| WHAT TO PRODUCE |
Every entry should be returned unchanged, with the pictures omitted.

| RECORDS SHOWN |
§ §

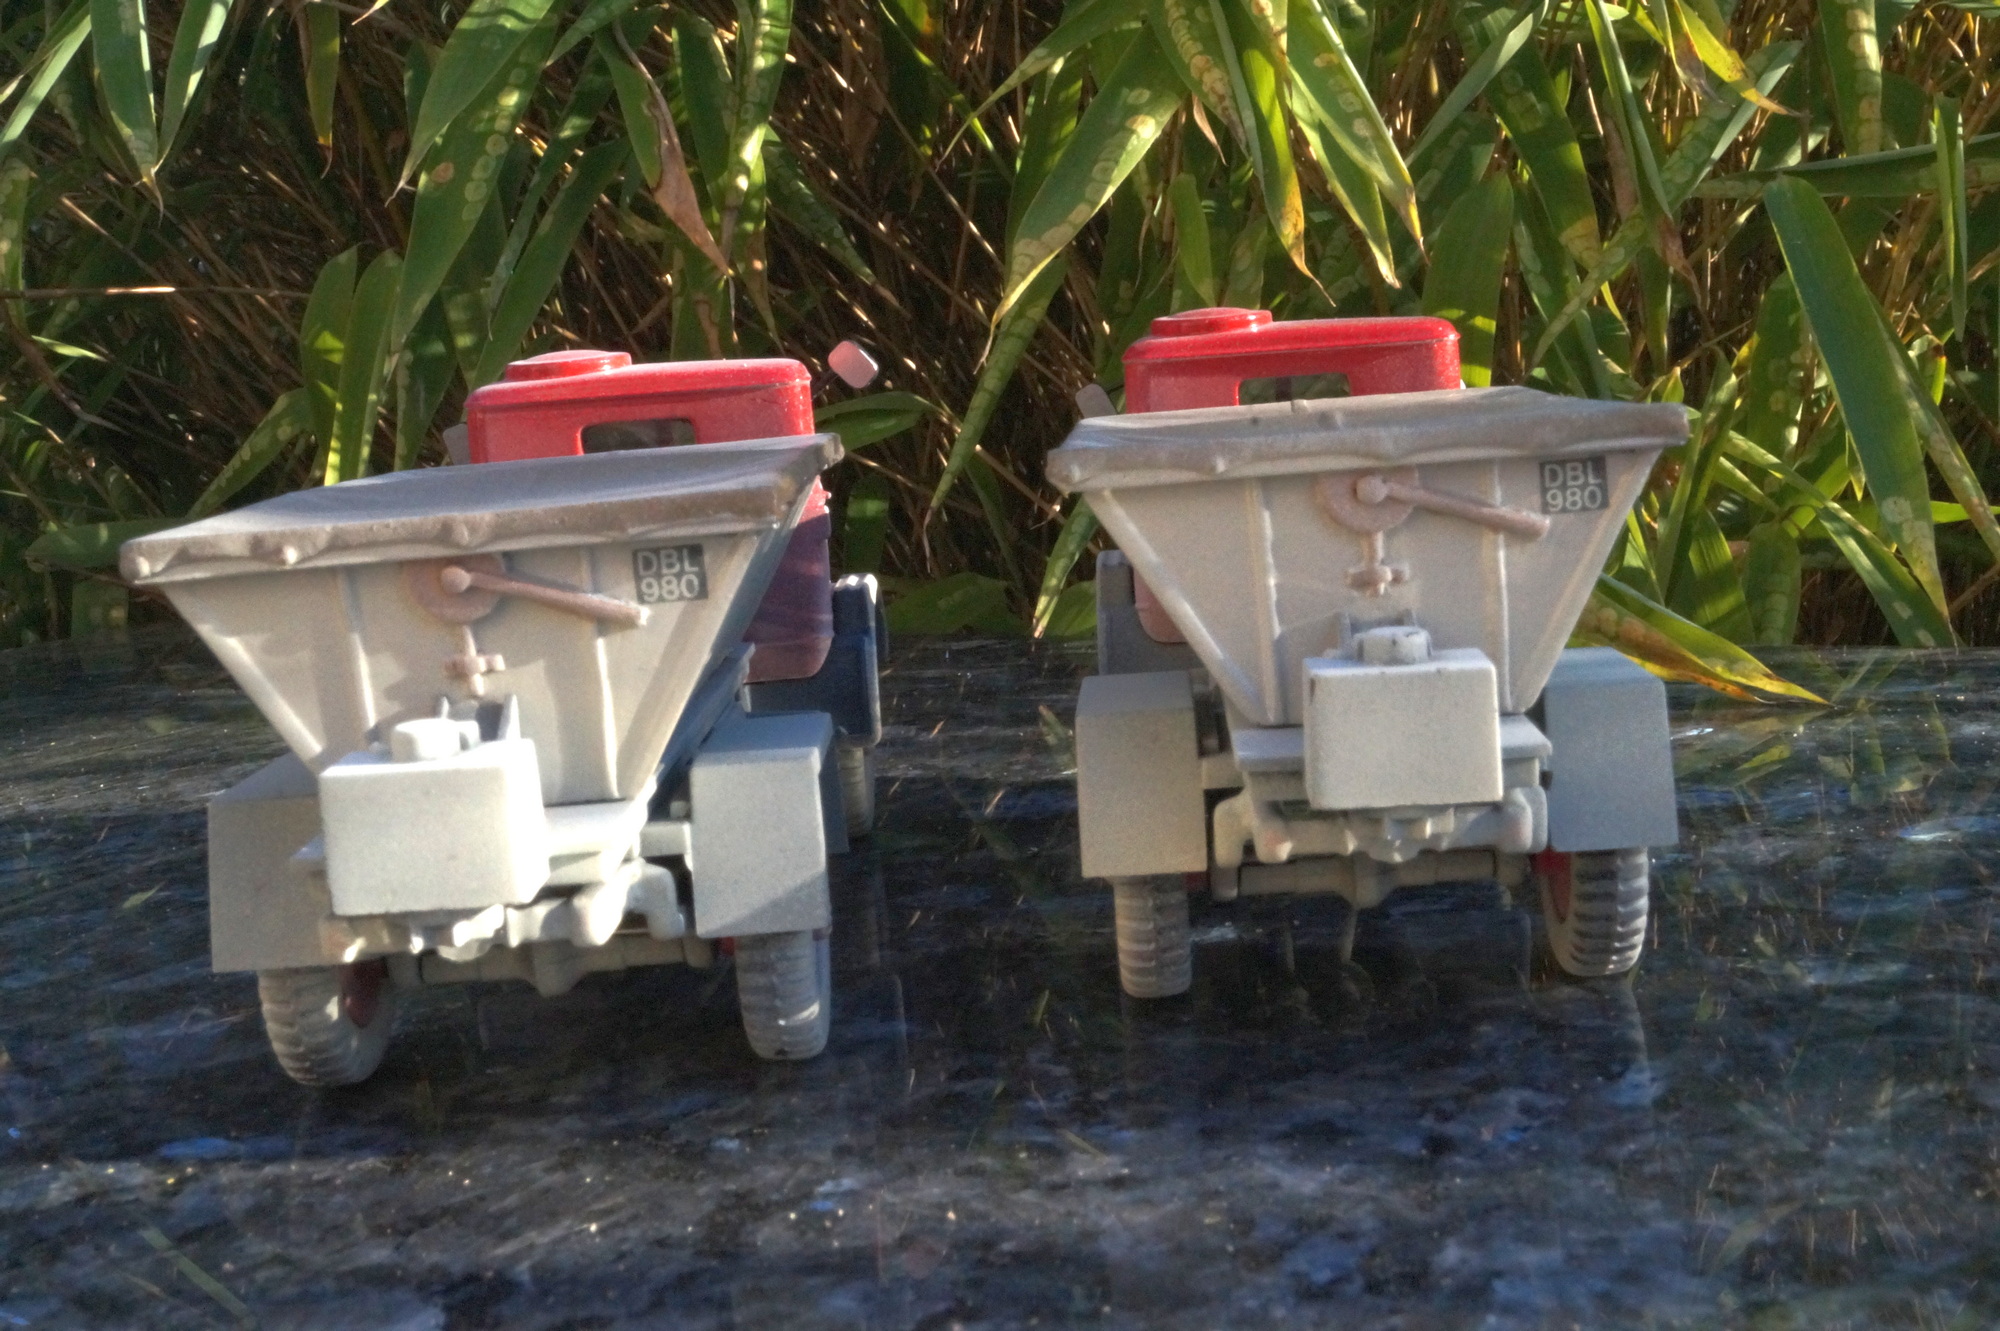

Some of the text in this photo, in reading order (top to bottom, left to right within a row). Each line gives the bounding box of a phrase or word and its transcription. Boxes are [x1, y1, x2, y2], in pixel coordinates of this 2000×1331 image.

[1544, 460, 1601, 487] DBL
[1546, 486, 1602, 511] 980
[637, 548, 699, 576] DBL
[640, 573, 699, 602] 980

§ §

| PROBLEM SOLUTION |
Some of the text in this photo, in reading order (top to bottom, left to right within a row). Each line gives the bounding box of a phrase or word and its transcription. Boxes are [x1, y1, x2, y2], in pixel coordinates of this 2000×1331 image.

[1544, 460, 1601, 487] DBL
[1546, 486, 1602, 511] 980
[637, 548, 699, 576] DBL
[640, 573, 699, 602] 980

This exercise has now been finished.